Because of the shipping, or the process they use to ship? I looked at and appreciate the vendor you referred me to, but they seemed a little steep on the shipping.

I plan to order from either <vendor name removed>. I heard especially good things about the former, it's just that their default is 2 to 3 day shipping (free). Overnight is an option, it's just 30 more for the entire order.

Glad to hear about the socolofi. 5 (1 m to 4 f) is okay?


----------



## Glacier47

How about white tail acei instead of the socolofi? Would that give me a better chance at compatibility with the rainbowfish? I have heard acei are a little big for a 55, but also about the same size as socolofi. The rainbowfish will top out at about 4 inches, I believe.


----------



## thornsja19

Just a chime in, I've used <vendor name removed> multiple times. Lucipinnis and Red Cherry Shrimp, multiple plants. Everything came in fine. Haven't ordered cichlids yet but I've heard nothing but good things. Plus Lucipinnis and Red Cherry Shrimp are pretty delicate so if they came in fine I couldn't see cichlids being a problem. Also, They're in Florida so you being in Texas is a way shorter ship than to me in Chicago


----------



## thornsja19

And you're better off with the Socolofi instead of the Acei. Similar size yes, but the Acei tend to enjoy more open swimming areas than a 55g can provide so they bounce off the sides a lot. Socolofi stick to the rocks more


----------



## noki

I like that the White Tailed Acei are mellow and more schooling, less territorial, would make a more peaceful tank. Be aware of the fish bio load thou.

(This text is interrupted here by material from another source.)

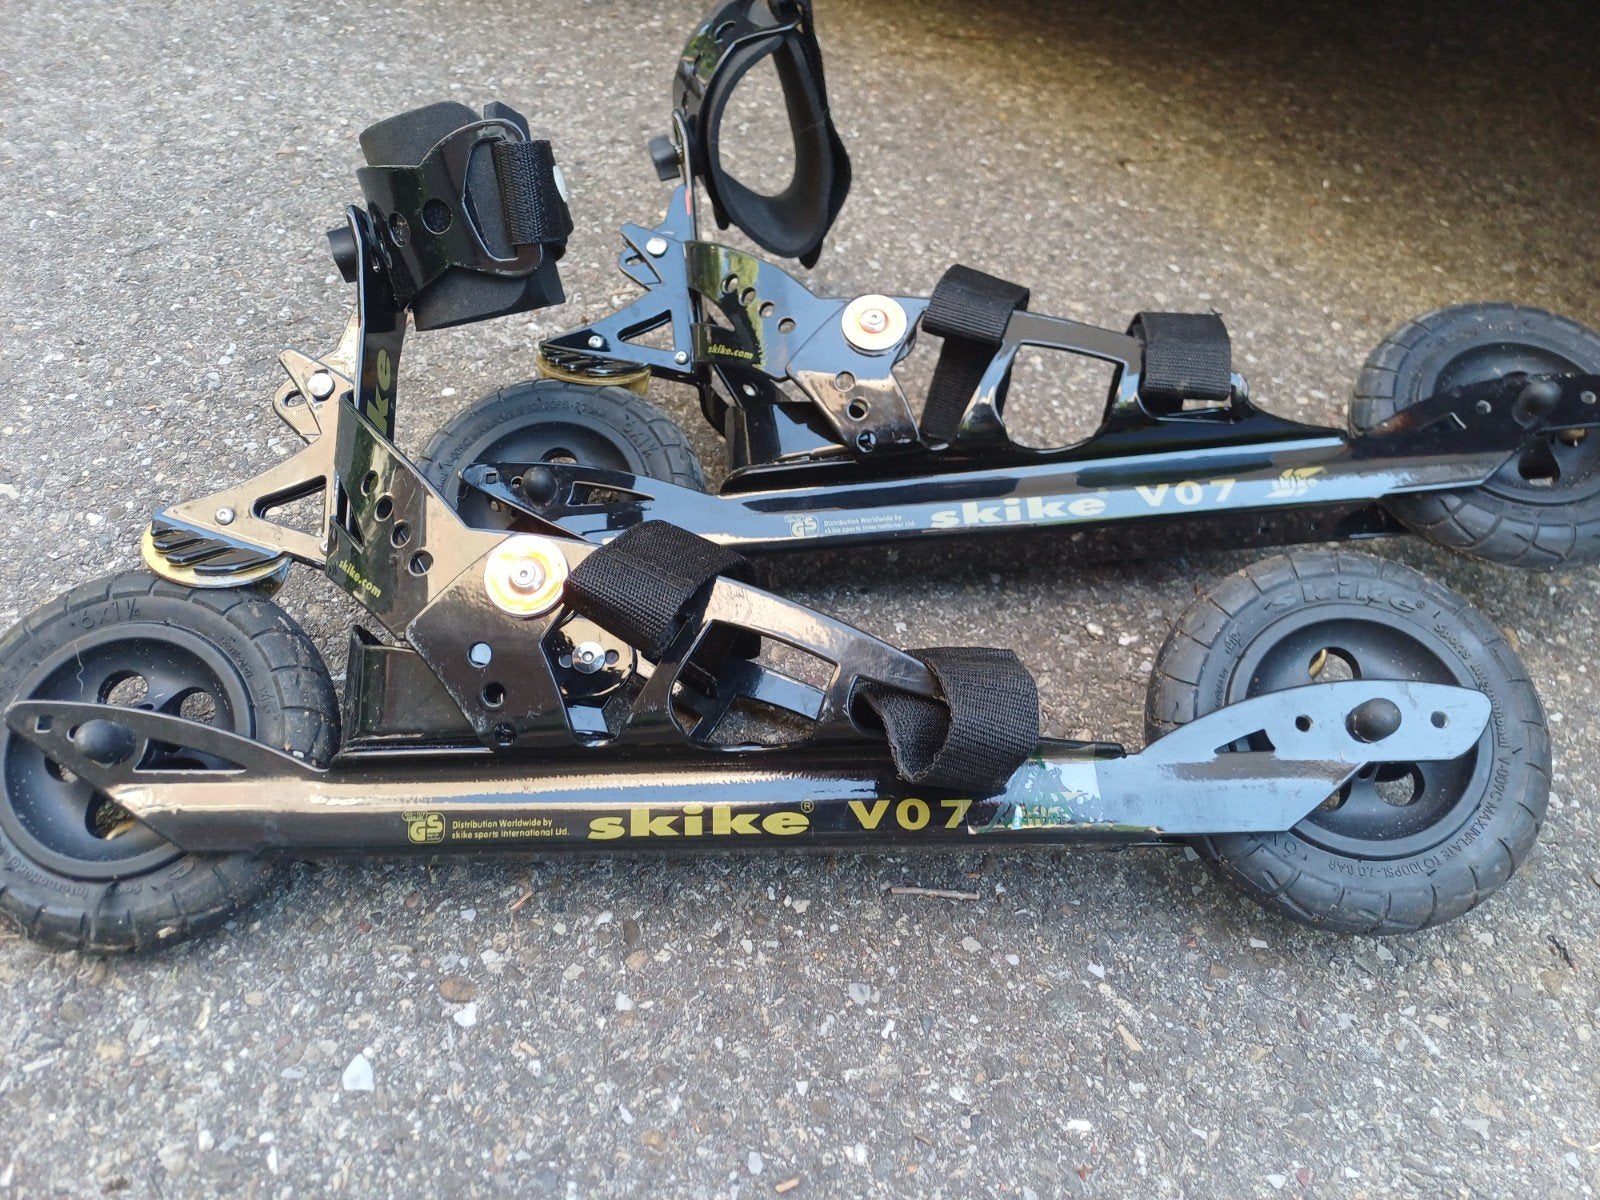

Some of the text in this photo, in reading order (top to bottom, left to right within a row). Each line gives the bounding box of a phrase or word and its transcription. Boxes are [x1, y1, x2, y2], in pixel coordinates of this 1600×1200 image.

I don't think cichlids should be shipped a way that will take over 24 hours, not the way they usually ship them, and it is summer in Texas! Also, be aware that shipping routes may be effected by the flooding disasters, even if you are far enough away.


----------



## Glacier47

noki said:


> I like that the White Tailed Acei are mellow and more schooling, less territorial, would make a more peaceful tank. Be aware of the fish bio load thou.
> 
> I don't think cichlids should be shipped a way that will take over 24 hours, not the way they usually ship them, and it is summer in Texas! Also, be aware that shipping routes may be effected by the flooding disasters, even if you are far enough away.


Thanks for the concern. I'm up in DFW, so I'll be fairly safe. Just rain. Don't plan on using <vendor name removed> for the Cichlids anymore, only the rainbowfish. I'll use <vendor name removed> for the Synodontis Lucipinnis, and <vendor name removed> for the Cichlids. Both have standard overnight once you meet their minimum orders. <vendor name removed> will even sex the fish, but they'll be 3-5 bucks more per fish. Will do this for the socolofi, but not sure if the conspecific aggression with the yellows will be bad enough to warrant the extra expense.


----------



## DJRansome

I agree with noki...overnight express is the longest I would want fish in the bags...and the best vendors prefer you pick them up at the airport when the plane lands.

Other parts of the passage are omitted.